Jack and Jill’s CEO Jonathan Irwin says he won’t go away until the domiciliary care allowance crisis is sorted out.

Jonathan Irwin

Ahead of the tonight’s debate on the Private Members Motion in Dáil Éireann on Domiciliary Care Allowance (DCA) cuts, Jonathan Irwin, the CEO of the Jack and Jill Foundation, discusses the impact DCA delays are having on parents of severely ill children.

IT REALLY SADDENS and angers me to see this debate about the domiciliary care allowance (DCA) continuing today.

I know from our nurses who are based in every community in Ireland that the 294 families under our wing, who have babies with severe developmental delay as a result of brain damage, have been adversely affected by delays of up to eight months in their applications for domiciliary care allowance. And furthermore the granting of carer’s allowance is intertwined with this payment of DCA.

‘Parents are being attacked in a very underhanded way’

This is a matter close to my heart. When my son Jack Irwin was born in February 1996 there was no domiciliary care allowance until the child reached the age of two.  Why?  Because civil servants expected that children like Jack would not survive beyond two years old. Shocking but true.

After much debate with the then Minister for Health Brian Cowen and with the help of Charlie McCreevy we had a breakthrough and the DCA for children from diagnosis was introduced between 1996 and 1997.

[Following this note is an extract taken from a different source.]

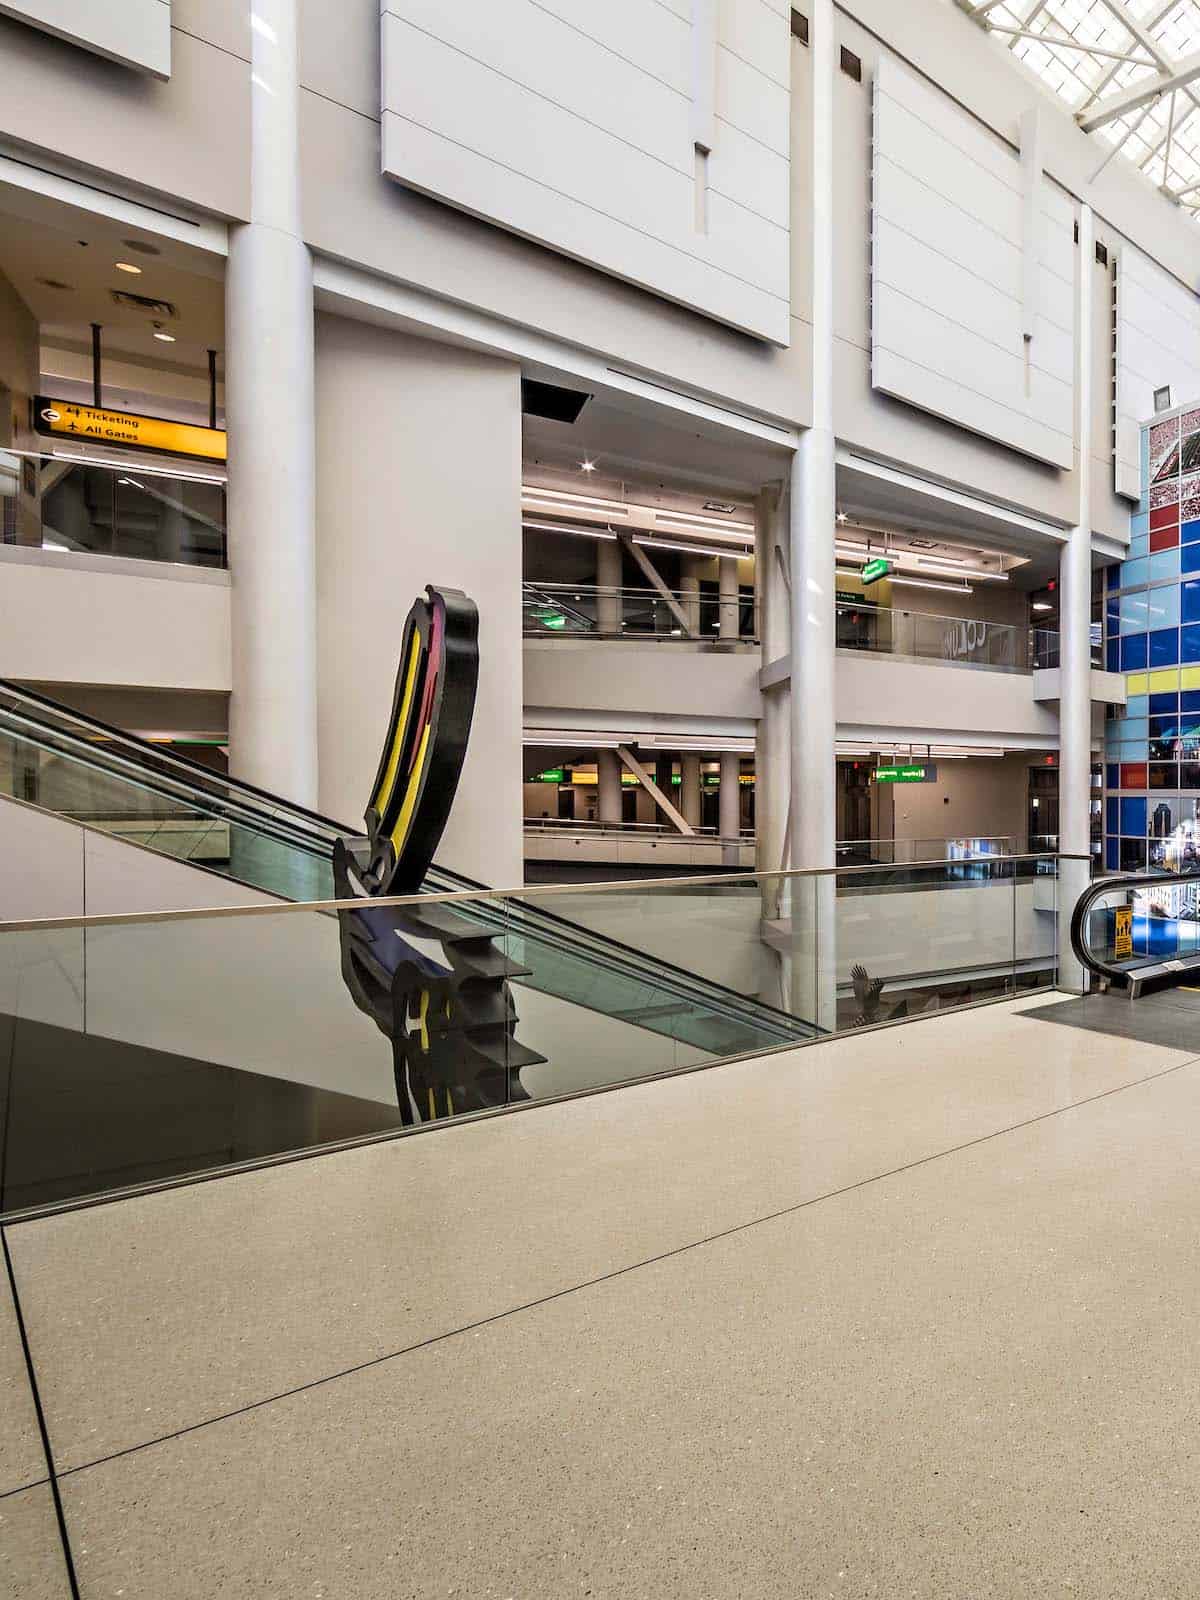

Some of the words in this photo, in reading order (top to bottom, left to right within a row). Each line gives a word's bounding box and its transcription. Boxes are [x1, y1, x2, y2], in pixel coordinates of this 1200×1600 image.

[86, 411, 139, 428] Ticketing
[86, 425, 102, 435] All
[105, 429, 138, 440] Gates

After achieving that victory I find it quite shocking that 14 years later these parents are being attacked in a very underhanded way. It is taking six to eight months for them to answer applications – almost pushing it out to the two-year mark again. As a society we’re going backwards when it comes to the health care of the most vulnerable in society.

‘That’s just bureaucracy gone mad and totally unfair’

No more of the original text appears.